ELECOM wireless LAN access points could allow external attackers to execute commands without authentication, potentially granting them administrative control over your network infrastructure. This could enable the manipulation or interception of traffic, leading to potential operational disruption.

NVD published May 13, 2026 (2 days ago)

External risk briefCRITICAL

CVE-2026-42062

Halo Surface Signal

3/ 5

These devices are wireless access points typically deployed within internal networks rather than as public-facing gateways. While management interfaces may be inadvertently exposed to the internet in some configurations, they are not standard public-facing services by design.

Exposure facts

CVSS

9.3

CVSS vector

CVSS:4.0/AV:N/AC:L/AT:N/PR:N/UI:N/VC:H/VI:H/VA:H/SC:N/SI:N/SA:N/E:X/CR:X/IR:X/AR:X/MAV:X/MAC:X/MAT:X/MPR:X/MUI:X/MVC:X/MVI:X/MVA:X/MSC:X/MSI:X/MSA:X/S:X/AU:X/R:X/V:X/RE:X/U:X

EPSS

0.33%

H – Horizon Alert

A security vulnerability has been identified in ELECOM wireless LAN access points that could allow an unauthorized person to execute arbitrary commands on the system. This flaw stems from how the device handles username information and requires no authentication to exploit, making it accessible to anyone with network access.
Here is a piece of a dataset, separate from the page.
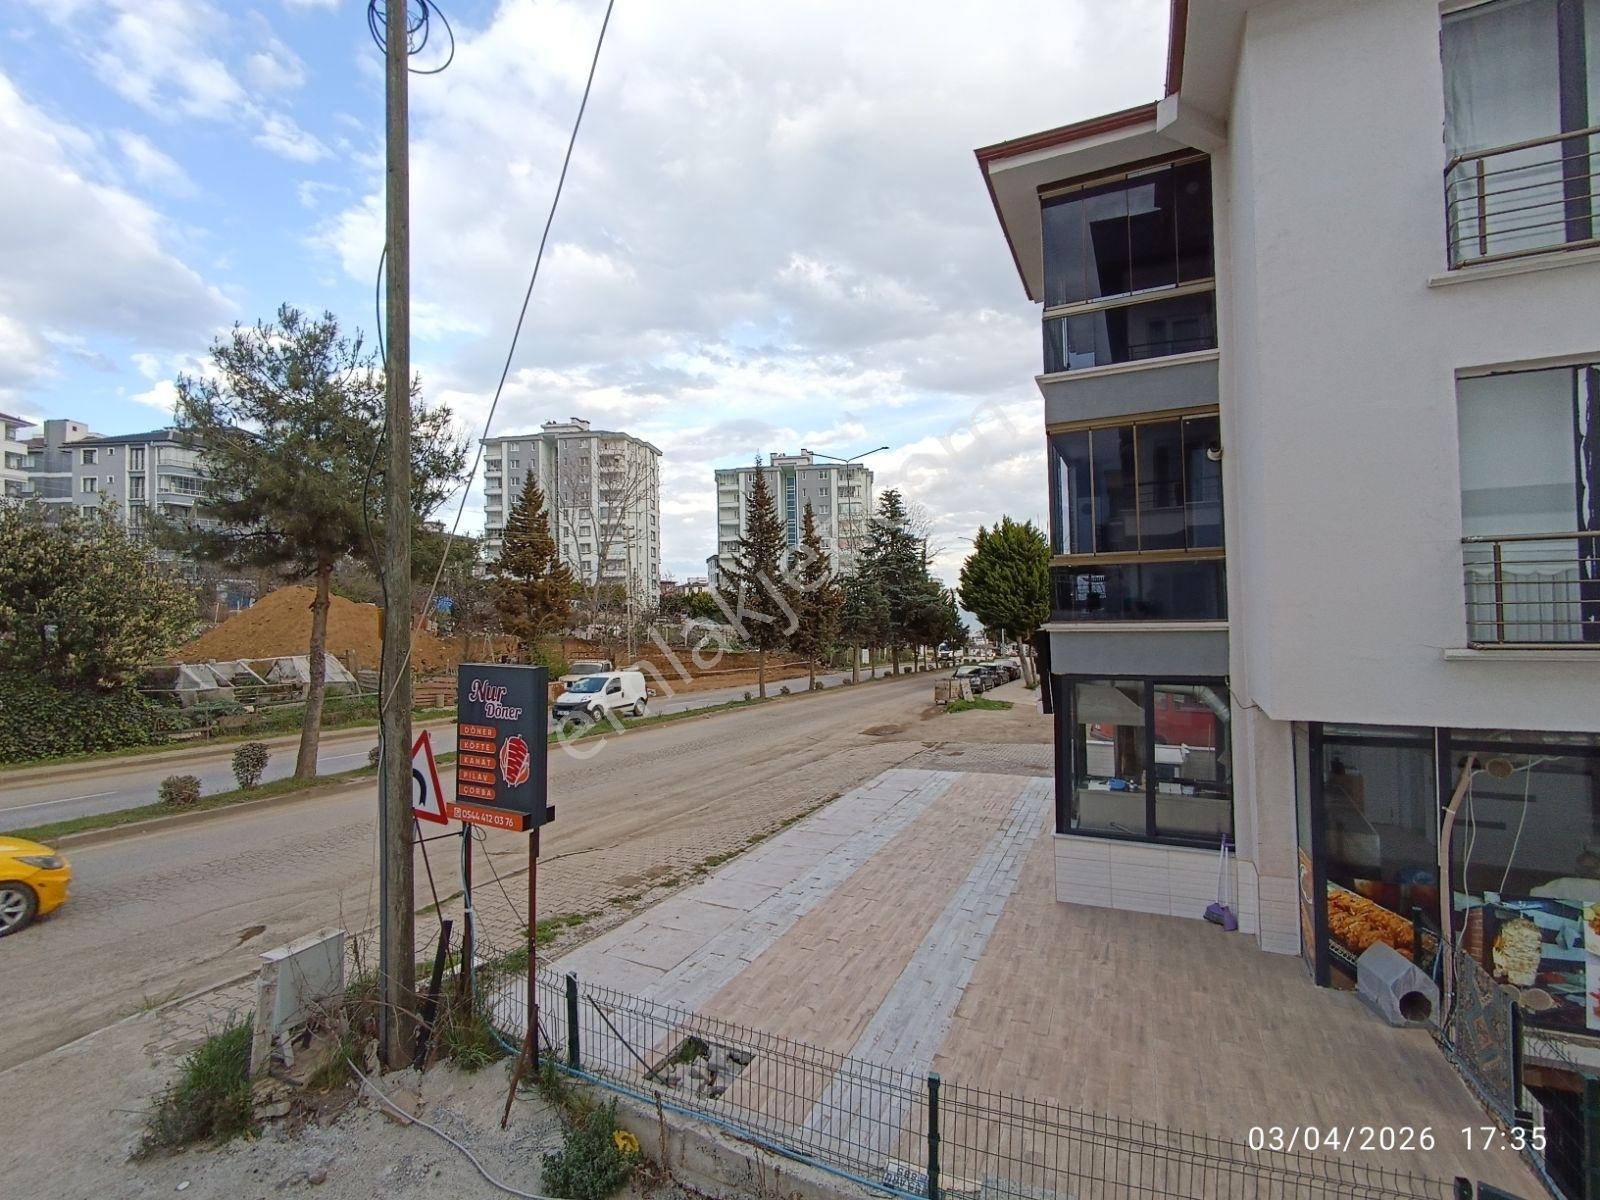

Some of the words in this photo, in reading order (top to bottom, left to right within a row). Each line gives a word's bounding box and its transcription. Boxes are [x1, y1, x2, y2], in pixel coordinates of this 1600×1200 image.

If successfully targeted, this could allow an unauthorized party to gain control over the affected device, potentially disrupting or compromising your network operations.

A – Asset Exposure

This vulnerability impacts ELECOM wireless LAN access point devices, which are critical infrastructure for managing network connectivity. Since the flaw allows for unauthorized command execution without requiring a login, anyone with network access to these devices could potentially gain administrative control. This poses a risk to network controls and could allow an unauthorized party to manipulate or intercept traffic passing through the access point.

L – Live Threat

The identified vulnerability in ELECOM wireless LAN access points involves a potential command injection flaw that could allow for unauthorized execution of commands. Based on the provided context, there is no indication of active exploitation, public exploit availability, or specific targeting at this time. We will continue to monitor the situation for any emerging threat signals.

O – Operational Fix

Please have your IT team review the official security notice from ELECOM regarding their wireless LAN access point devices. We recommend verifying your current device deployments and promptly applying any firmware updates or configuration guidance provided by the manufacturer. Prioritizing this coordination will help ensure your network infrastructure remains aligned with the vendor's latest security recommendations.